[Start of Attachment]

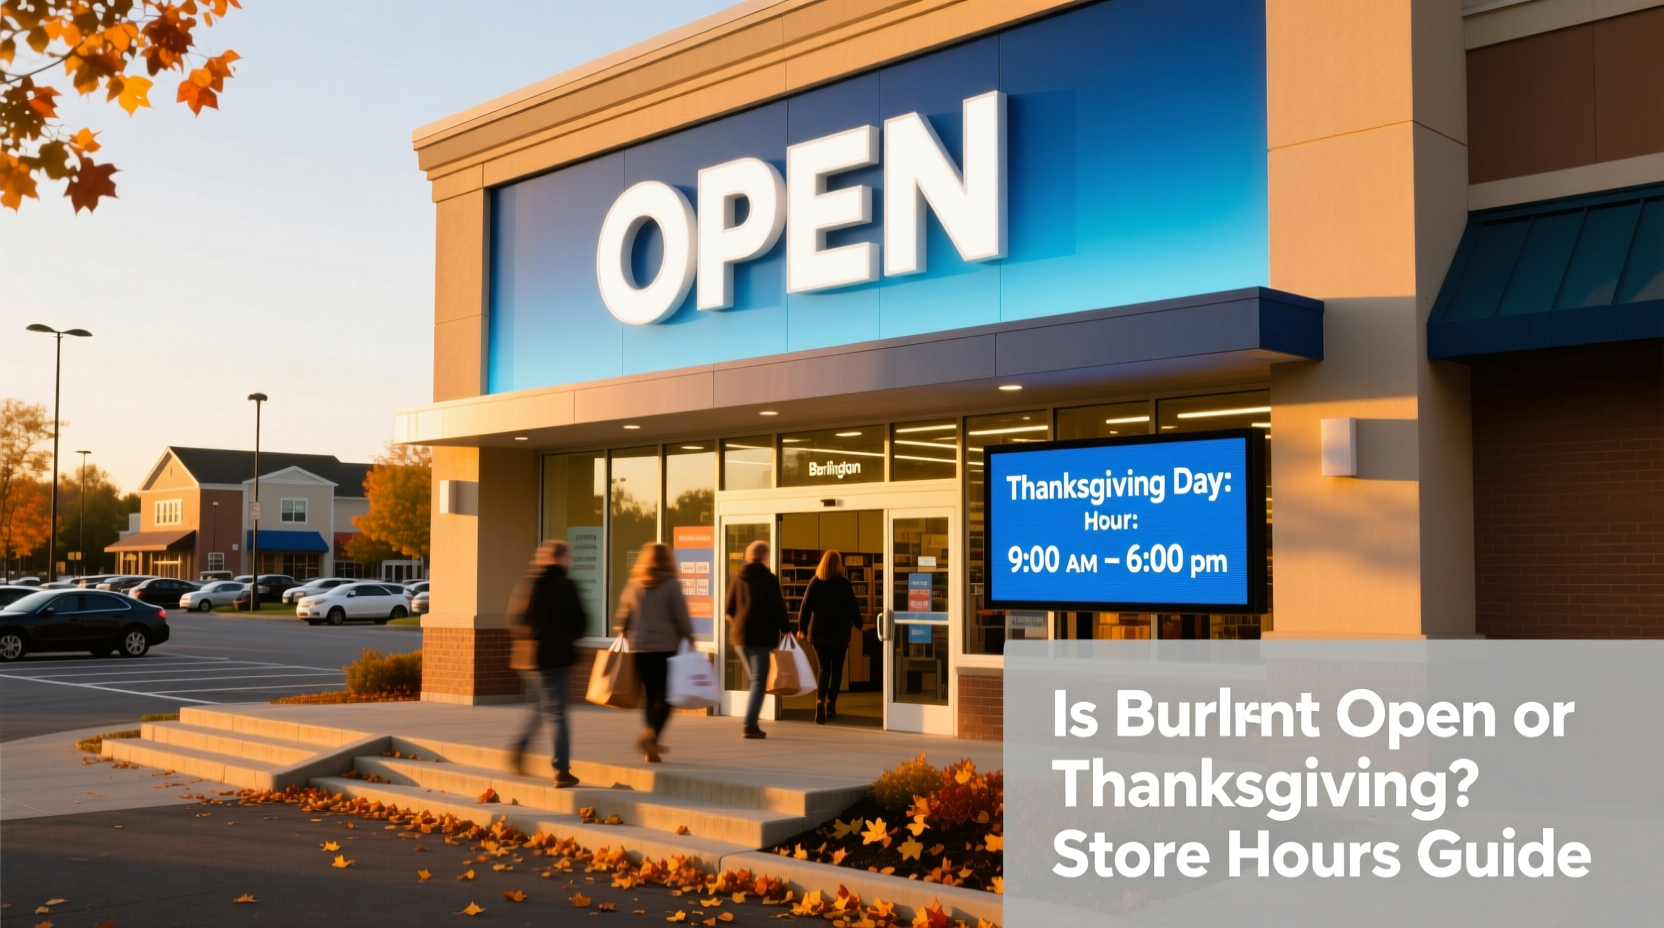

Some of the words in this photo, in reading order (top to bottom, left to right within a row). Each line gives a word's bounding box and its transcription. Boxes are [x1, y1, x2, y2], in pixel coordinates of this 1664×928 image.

[596, 90, 1008, 326] OPEN
[1006, 469, 1166, 505] Thanksgiving
[1173, 467, 1232, 502] Day:
[1084, 511, 1138, 531] Hour:
[1008, 545, 1060, 573] 9:00
[1066, 554, 1098, 573] AM
[1126, 544, 1183, 573] 6:00
[1190, 554, 1228, 578] pm
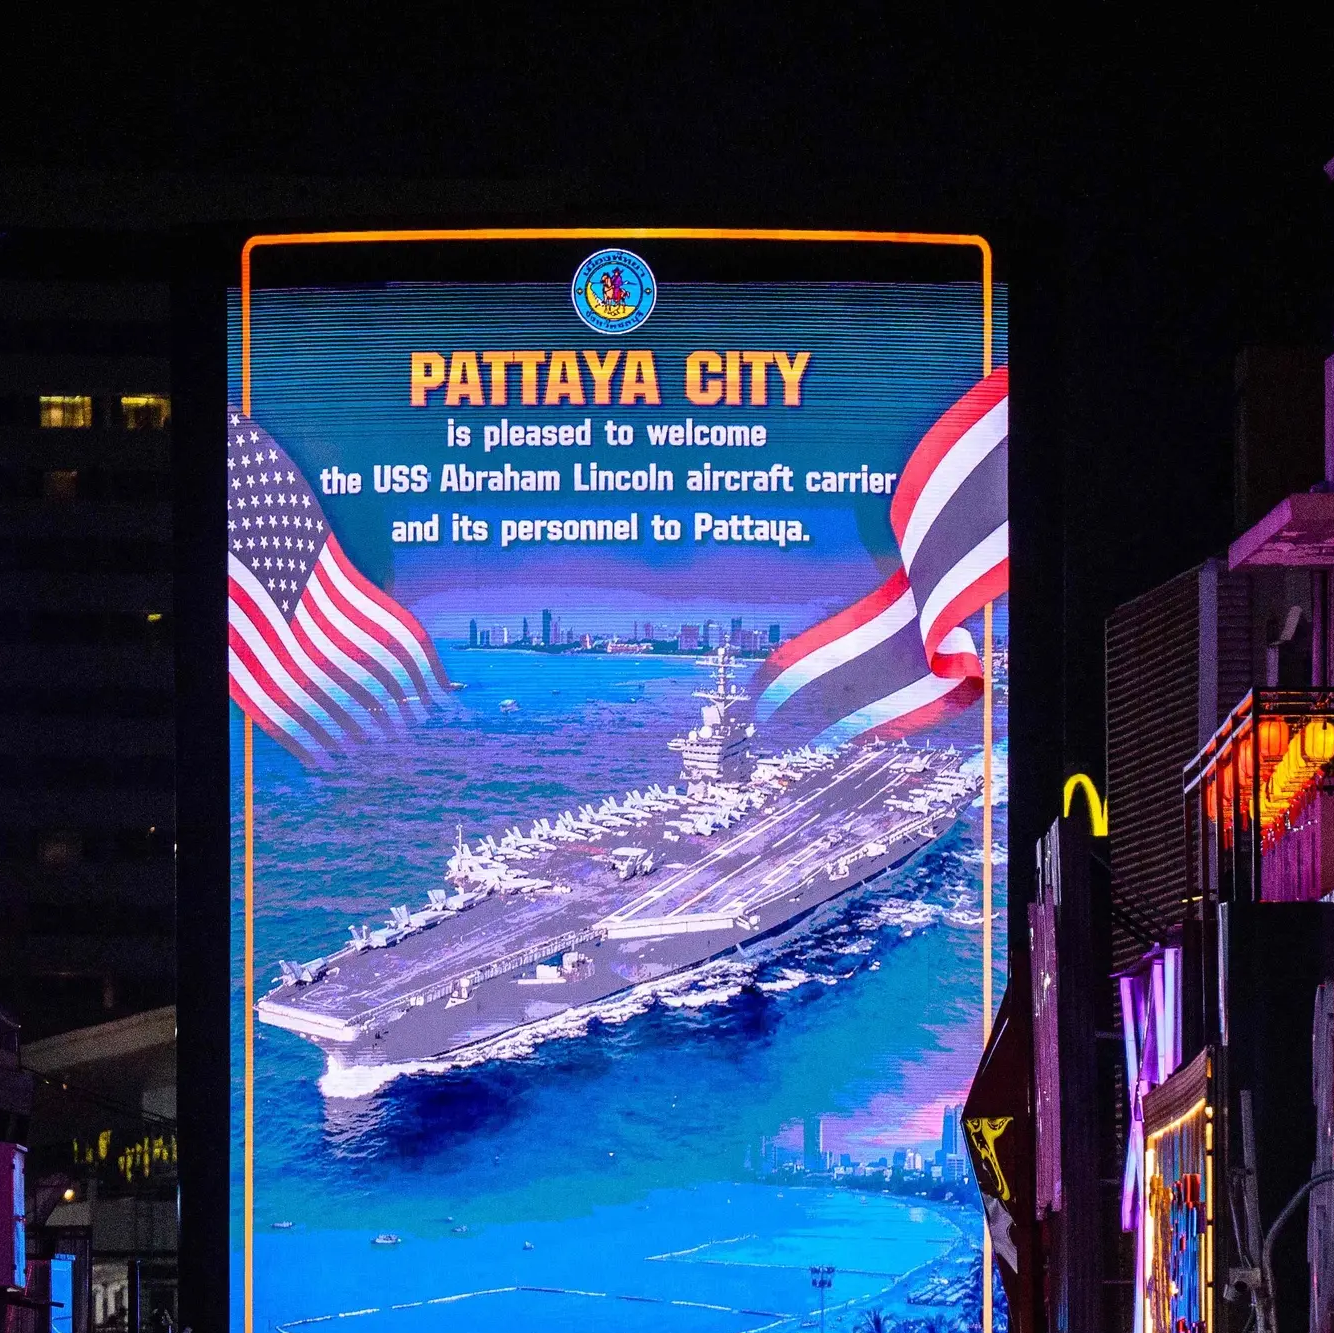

[End of Attachment]

EXERCISE INSTRUCTIONS: The task calls for all records to be set down precisely, excluding any images.

EXPECTED ANSWER:
Some of the words in this photo, in reading order (top to bottom, left to right within a row). Each line gives a word's bounding box and its transcription. Boxes are [x1, y1, x2, y2], in pixel coordinates of this 1664×928 image.

[596, 90, 1008, 326] OPEN
[1006, 469, 1166, 505] Thanksgiving
[1173, 467, 1232, 502] Day:
[1084, 511, 1138, 531] Hour:
[1008, 545, 1060, 573] 9:00
[1066, 554, 1098, 573] AM
[1126, 544, 1183, 573] 6:00
[1190, 554, 1228, 578] pm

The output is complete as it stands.